Wednesday, January 10, 2018

Bad Hair Day, or the Big Mistake

They generally style Constance Wu with the kind of hair I wish I had on Fresh Off the Boat

I'm bad at hair, like really bad. My ponytails are almost always a little sloppy. No Youtube hair tutorial has ever been equal to the task of actually teaching me anything. My younger sister once bought me an expensive flat iron as a two-birthdays-plus-a-Christmas gift while we were both still students, and I never figured out how to use it (the shame! the waste! sorry, W, for not putting it to use after specifically requesting it). Sometimes, a friend would even show me how, and it would seem easy, but I just couldn't manage. Besides, I'm also lazy, so even the effort of blow-drying my hair just doesn't regularly happen.

I've always longed for the sleek, pin-straight hair that's not uncommon with people of Chinese descent. My sister even has that exact kind. My own hair is mostly straight, particularly the topmost layers, but also partially wavy, and extremely prone to frizz. It requires styling to be worn down to the office. Because styling my own hair is just not happening, I've instead gotten Japanese straight perms. They're generally expensive, ~$120 at the low end, and I've historically gotten worse results at that range (generally through unnatural-looking, limp hair) than when I get one for $240 at a small salon back in California. Because my natural hair is mostly straight, I never touch up the roots. My hair stays straight and manageable, just wash, air-dry and go, until a good while after all the permed sections are finally cut off in a future haircut, generally eighteen months later with my one haircut per six months or longer habit. Or at least, that used to be the case.

I'd had straight perms done five times in my adult life. It was only with more recent sessions that I started to notice side effects, small chunks of hair growing in noticeably damaged, "completely fried"  to be colloquial, afterwards. The permed hair would stay lovely and smooth,  the exact results I wanted, but at some point after, some of the new growth (not all of it, and not immediately) would be weird and fried in a way I'd never experienced before. Mysteriously, this only happened after all the permed areas were finally cut away. Nonetheless, I kept going back to straight perms because the eighteen months or more of perfectly manageable, no-fuss hair were worth it. After it was all cut away I'd delay a long time, generally almost another year, before my next perm, thinking that maybe this time I'd learn how to style my hair, before getting annoyed and returning to the salon.

Last October, I had another Japanese straight perm, at the $240 price no less, and for the first time ever, it didn't have the results I expected. It came out perfectly, but within a few weeks, it was clear that something went wrong. After a few washes, I discovered that a full inch and a half wide chunk right in the middle of the back of my head, up near the roots, had gotten damaged. Just that chunk frizzes up into a rat's nest that can barely be tamed into a puffy, sloppy ponytail, but only sometimes. Some days, it'll dry up nicely on its own, sleek and smooth, but after I go to bed and wake up the next morning, the frizz may come back.
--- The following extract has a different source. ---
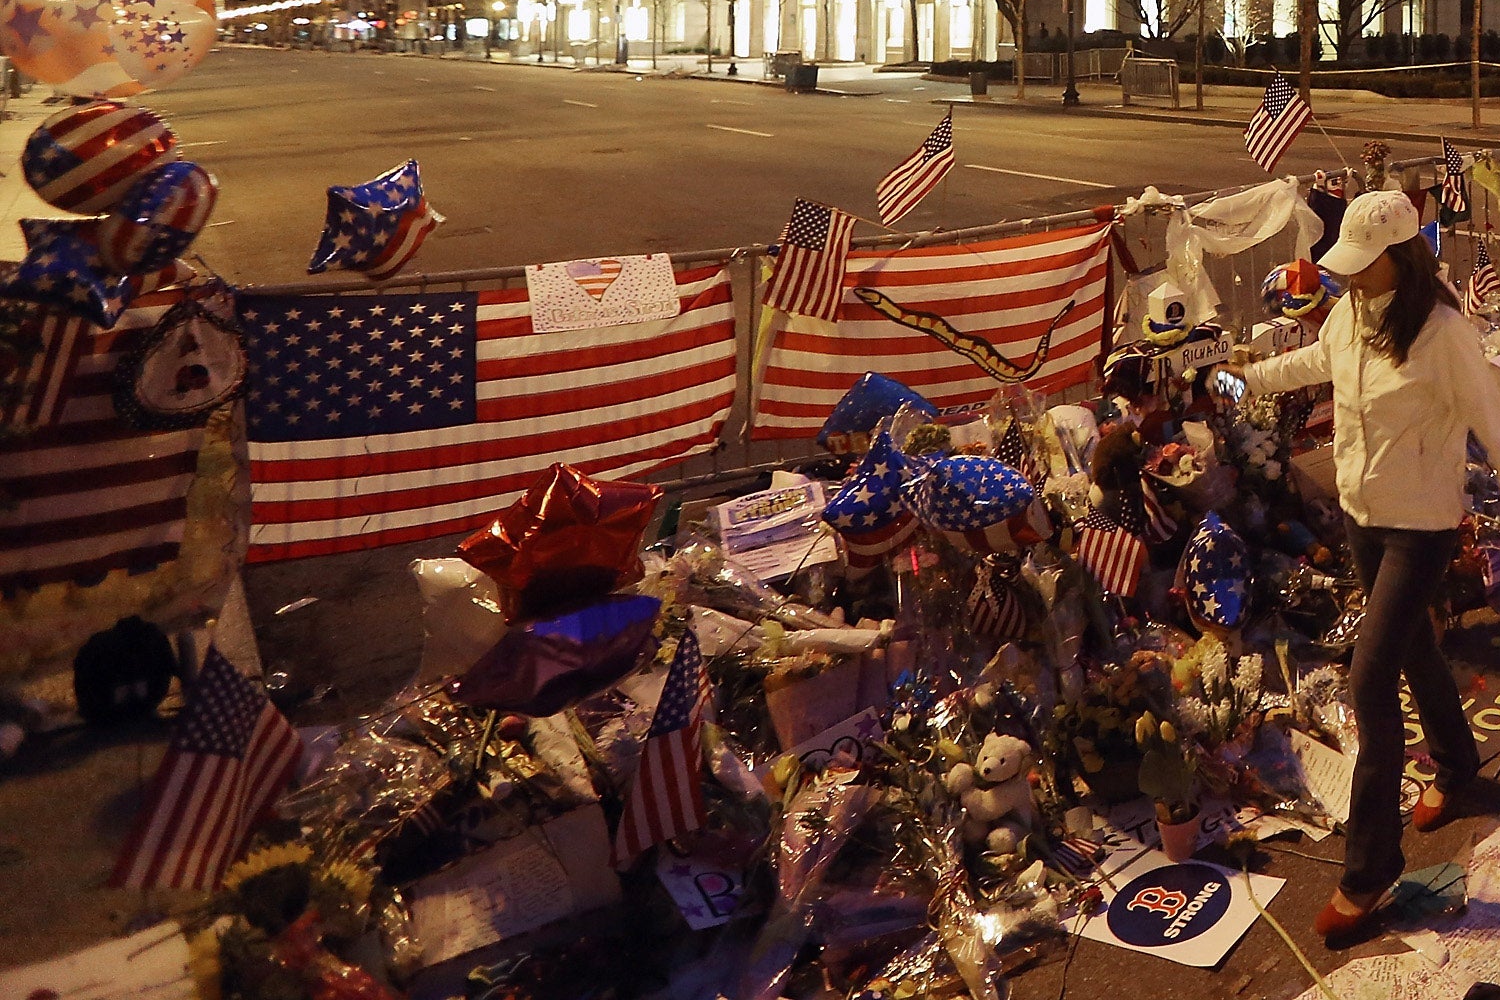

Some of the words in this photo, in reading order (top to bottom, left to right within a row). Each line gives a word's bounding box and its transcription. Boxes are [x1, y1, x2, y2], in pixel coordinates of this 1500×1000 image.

It's all very confusing, and makes the perm an expensive mistake. I'll probably never get another.

Please note that this portion of the post contains affiliate links that could result in a commission, typically a few cents, for me if you click. Thank you for your support!

Obviously, from everything I've written, it's clear that anything I say about hair products must be taken with a massive grain of salt. Also, my hair is behaving in such an idiosyncratic way that anything that's working for it now couldn't be reliably predicted to work for anyone else, or even for me in another week or month. I've seen improved results and reduced number of frizzy days by switching from my normal OGX Keratin Oil shampoo and conditioner (it smells good! and works well enough with my unpermed hair). I purchased travel sizes or kits from Sephora, full sizes linked in the widget, and while each was only enough for four to five uses each, only enough to get a feel for whether I'd consider a full size purchase (and my hair's being so weird anyway that it reacts differently to the same product on different days). I've had the best results with the Alterna Replenishing Moisture set (which they've labeled as the "Anti-Aging Transformation" set) though it smells weird, the Living Proof Restore set is awful and seems to increase the frizz, and the Bumble & Bumble Hairdresser's Invisible Oil travel sizes are somewhere in between, but probably not significantly better than the OGX.

Has anything really strange ever happened to your hair following a salon treatment? Are you good about styling your hair? How did you learn how to style your hair?